We examined the changes in glomerular hemodynamics produced by angiotensin II (AII) in both normal Munich-Wistar rats and rats which were unilaterally renal denervated (measured kidney) 4-6 d prior to the measurement periods. Measurements of glomerular dynamics were performed in a control period after plasma volume expansion and during infusion of 11 ng · 100 g body wt-1 · min-1 of AII. The glomerular hydrostatic pressure gradient increased from 38 ± 1 to 49 ± 1 mmHg in denervated rats compared with a lesser response in controls (from 39 ± 1 to 45 ± 1 mmHg, P < 0.05). Single nephron plasma flow decreased from 213 ± 17 to 87 ± 4 nl · min-1 · g kidney wt (KW)-1 in denervated kidneys versus a more modest decrease in control kidneys (from 161 ± 9 to 102 ± 5 nl · min · gKW-1).
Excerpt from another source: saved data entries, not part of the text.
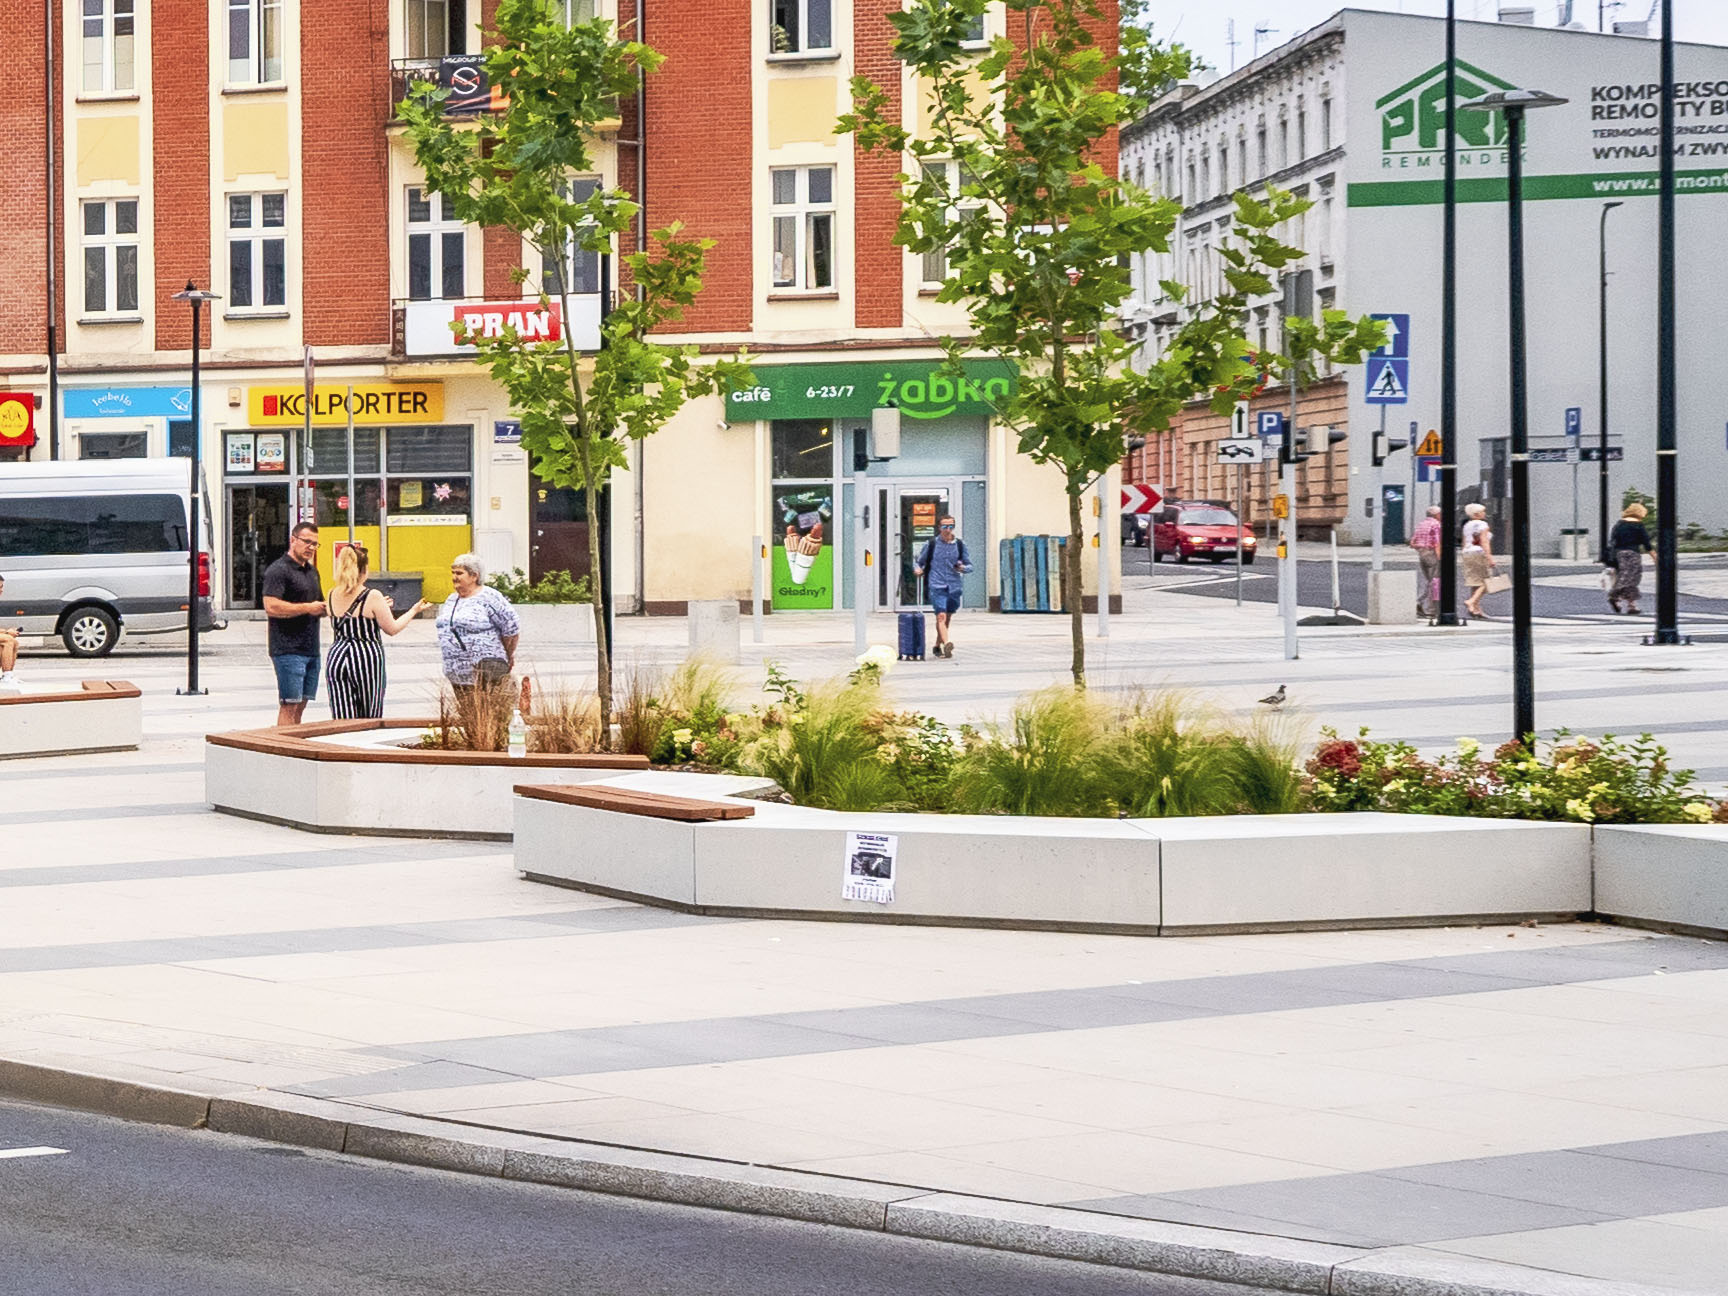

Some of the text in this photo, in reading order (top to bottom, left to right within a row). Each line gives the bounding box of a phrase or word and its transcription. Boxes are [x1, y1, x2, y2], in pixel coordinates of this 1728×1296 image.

[1591, 80, 1728, 102] KOMPEKSO
[1591, 100, 1728, 120] REMOTY B
[1592, 144, 1686, 159] WYNAJM
[806, 385, 855, 398] 6-23/7
[876, 372, 1010, 405] żabka
[279, 391, 429, 417] KOLPORTER
[506, 425, 515, 436] 7
[1262, 414, 1278, 432] P
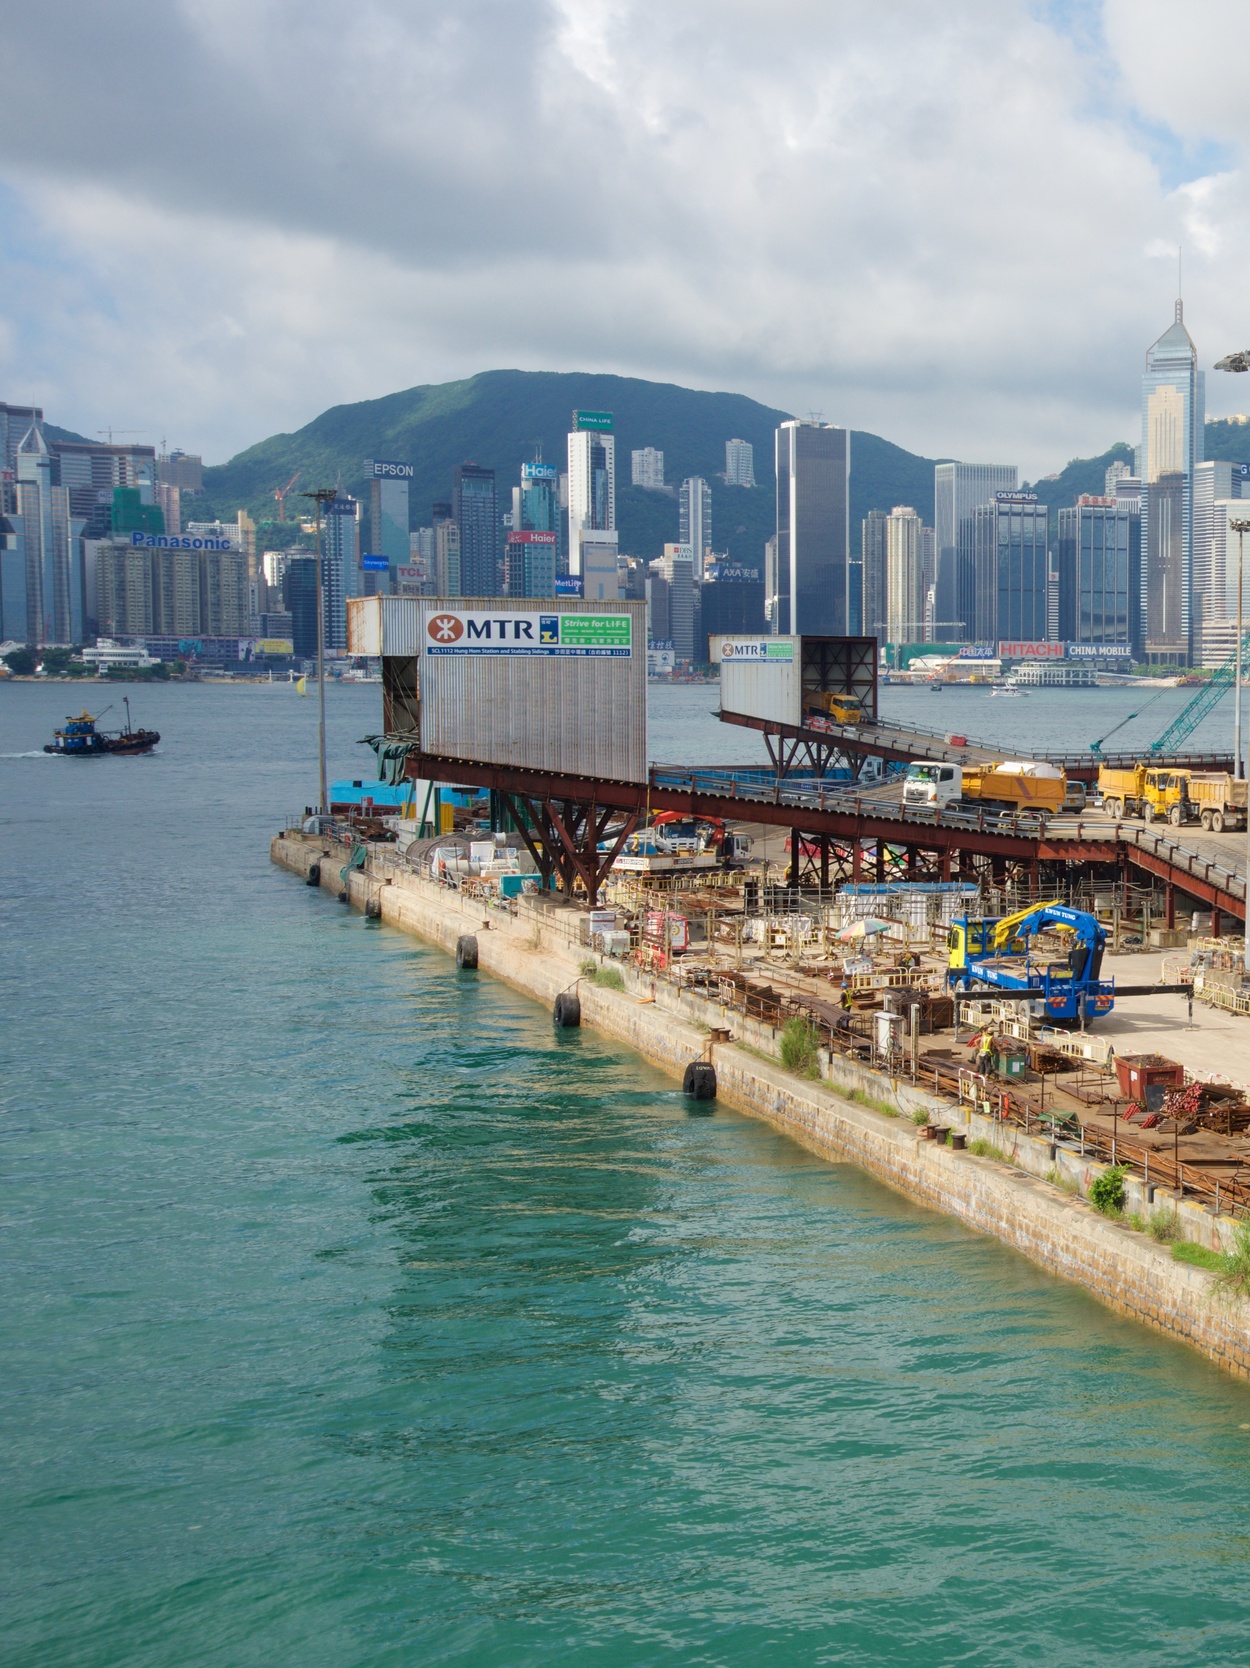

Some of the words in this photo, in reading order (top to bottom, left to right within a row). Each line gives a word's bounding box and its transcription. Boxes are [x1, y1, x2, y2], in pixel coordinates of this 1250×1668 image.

[374, 463, 414, 477] EPSON
[525, 464, 556, 478] Haier
[996, 490, 1038, 500] OLYMPUS
[131, 531, 231, 551] Panasonic
[530, 533, 555, 543] Haier
[399, 568, 424, 577] TCL
[723, 569, 741, 577] AXA
[742, 568, 759, 578] 安盛
[564, 619, 589, 627] Strive
[467, 619, 534, 639] MTR
[735, 645, 758, 655] MTR
[1001, 645, 1063, 657] HITACHI
[1069, 646, 1097, 655] CHINA
[1099, 646, 1132, 656] MOBILE
[1045, 908, 1061, 918] KWUN
[1061, 911, 1076, 921] TUNG
[971, 964, 984, 975] KWUN
[986, 969, 998, 980] TUNG
These changes were due to a greater increase in both afferent and efferent arteriolar resistance after AII infusion in denervated compared with control kidneys. Glomerular AII receptor maximum binding was 1,196 ± 267 fmol/mg protein in denervated kidneys compared with 612 ± 89 fmol/mg protein (P < 0.01) in controls with no change in receptor affinity. We conclude the subacute unilateral renal denervation (a) results in renal vasodilation, (b) denervation magnifies the vasoconstrictive effect of AII infusion on glomerular hemodynamics, and (c) the observed increased response to AII after denervation is associated with increases in glomerular AII receptors.